Chereads / The Seven Wolves: Trapped Under Devils Possession / Chapter 8 - Cinta Yang Takkan Padam

Chapter 8 - Cinta Yang Takkan Padam

7 TAHUN SEBELUMNYA

Mobil Bugatti Veyron berwarna hitam metalik memasuki lobby Harunda Golden Corp. Seorang pria berstelan Armani keluar dari mobilnya dan memberikan kuncinya pada seorang pegawai untuk di parkir valet. Memasuki tower utama dari perusahaan itu, semua mata pegawai yang berada di lobby depan memandang pada pria itu. Beberapa pegawai yang berpapasan bahkan menunduk memberi hormat. Dia bahkan tidak melihat sekilas pun pada siapapun yang ditemuinya. Dia menuju lift khusus CEO dan langsung masuk tanpa halangan. Penjaga lift memberikan akses penuh padanya untuk menuju langsung ke ruangan CEO. Sesampainya di lantai 25, ia langsung keluar dan menuju ruang CEO yang tepat berada di ujung lorong. Sebelum masuk dia menyempatkan diri masuk ke ruangan PA yang terletak tepat di sebelah ruang CEO.

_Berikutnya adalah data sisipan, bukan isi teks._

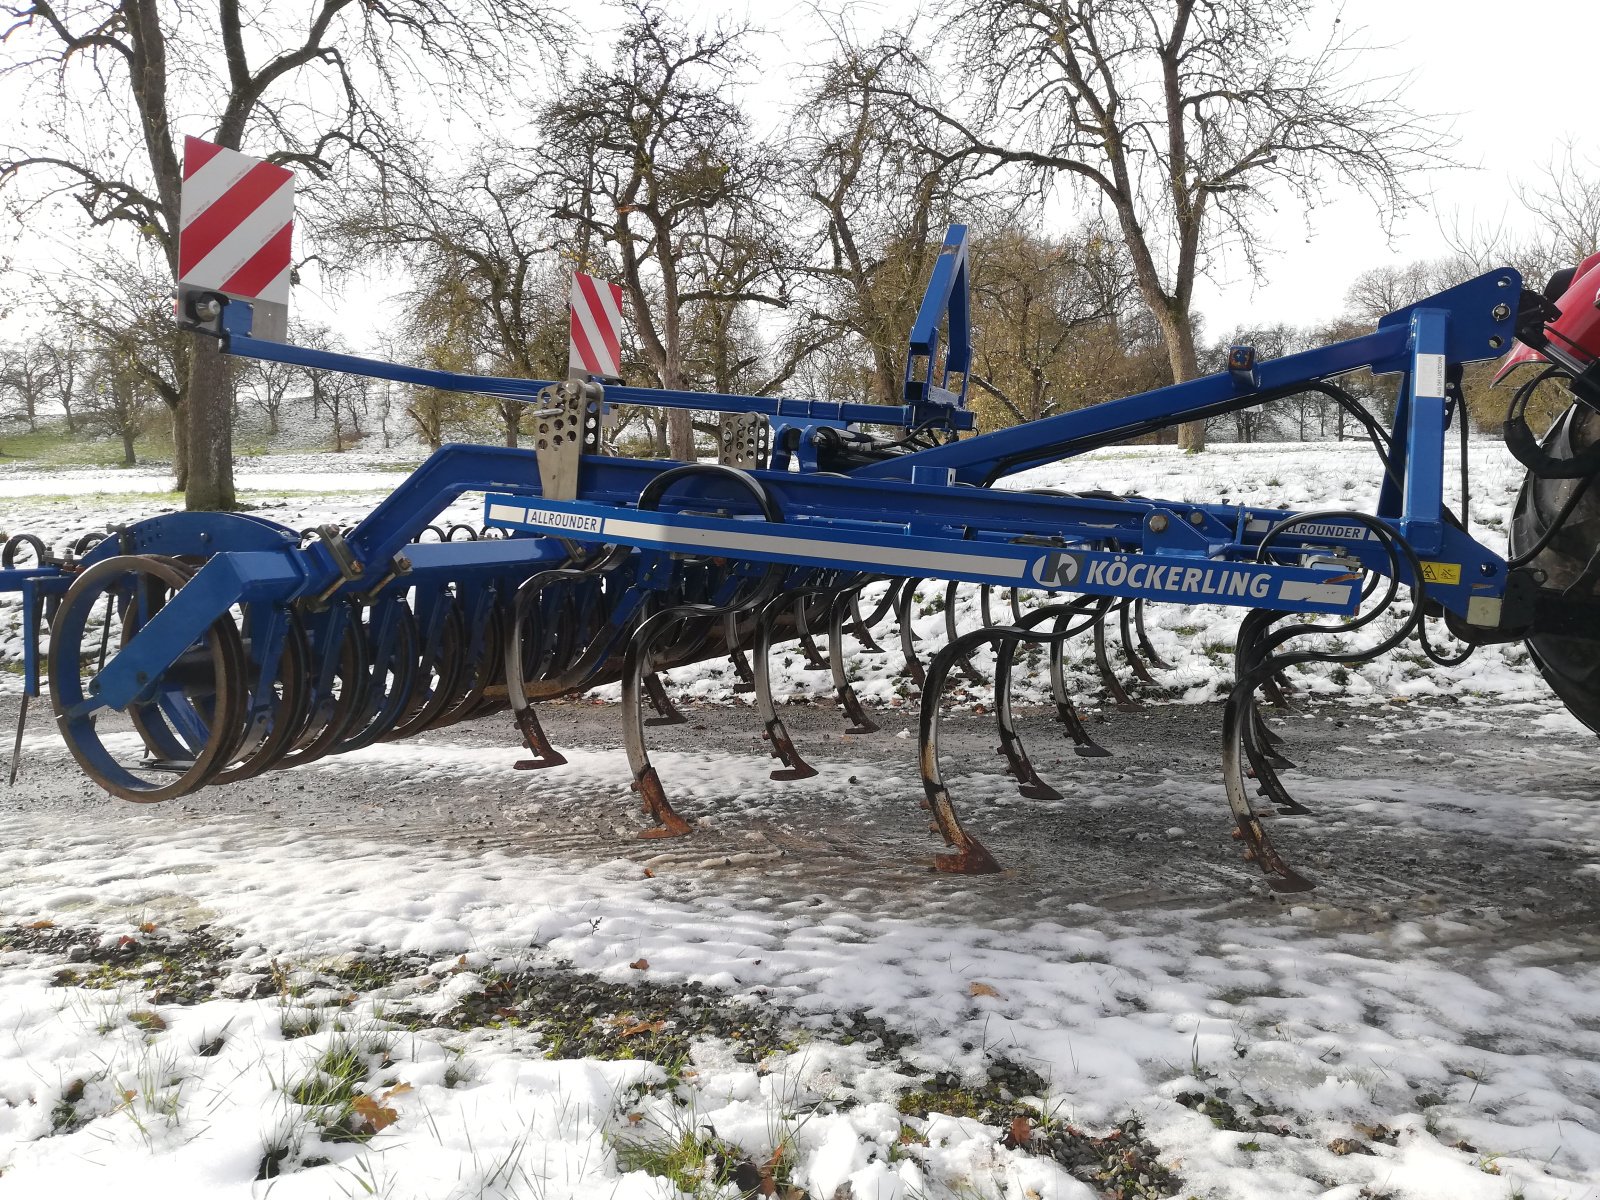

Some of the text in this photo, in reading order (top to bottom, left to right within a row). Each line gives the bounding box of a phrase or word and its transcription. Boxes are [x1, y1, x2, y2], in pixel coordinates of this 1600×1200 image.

[531, 511, 597, 531] ALLROUNDER
[1283, 522, 1361, 538] LLROUNDER
[1086, 555, 1272, 597] KÖCKERLING

"Bram, dia ada di dalam?" tanyanya sambil membuka kacamata

"Ah, Tuan Alexander, tentu CEO ada di dalam, silahkan masuk" jawab Bram berdiri dan mengantar tamu itu ke ruang CEO. Bram membukakan pintu ruang CEO sambil tersenyum.

"Brother, long time no see, Apa kabarmu?"

"Oh Darren. Kamu datang juga," ujar Hans sambil tersenyum dan bangun dari kursinya menyapa sang adik dengan pelukan.

"Yeah, aku merindukanmu, Hans," balas Darren sambil menepuk pundak sang Kakak. Mereka pun menuju kursi sofa di depan meja CEO.

"Tell me what happened, pasti sesuatu yang besar sudah terjadi makanya kamu mau capek-capek ke Indonesia"

"Well, nothing big man. Cuma Dad terus memintaku untuk mengambil Bryan dan membawanya ke New York"

"Dia baru 8 tahun, dia masih di sekolah dasar. Bukankah terlalu terburu-buru melatihnya sekarang?" balas Hans mulai cemas.

"Jadi kapan waktu yang tepat, ketika dia umur 20? Itu sudah sangat terlambat. Bryan adalah pewaris yang sudah dipilih oleh Daddy, aku pun akan memberikan milikku untuknya."

"Memangnya kamu tidak mau menikah? Kamu kan masih bisa punya anak?" Darren yang diberi pertanyaan seperti itu malah mengernyitkan keningnya.

"Ayolah, Hans. Kapan ada pria sepertiku menikah? Aku lebih suka melajang dan bersenang-senang." Hans menggeleng mendengar kalimat Adiknya.

"Entahlah, tapi aku rasa terlalu cepat mengambil Bryan sekarang. Dia tidak tau apapun."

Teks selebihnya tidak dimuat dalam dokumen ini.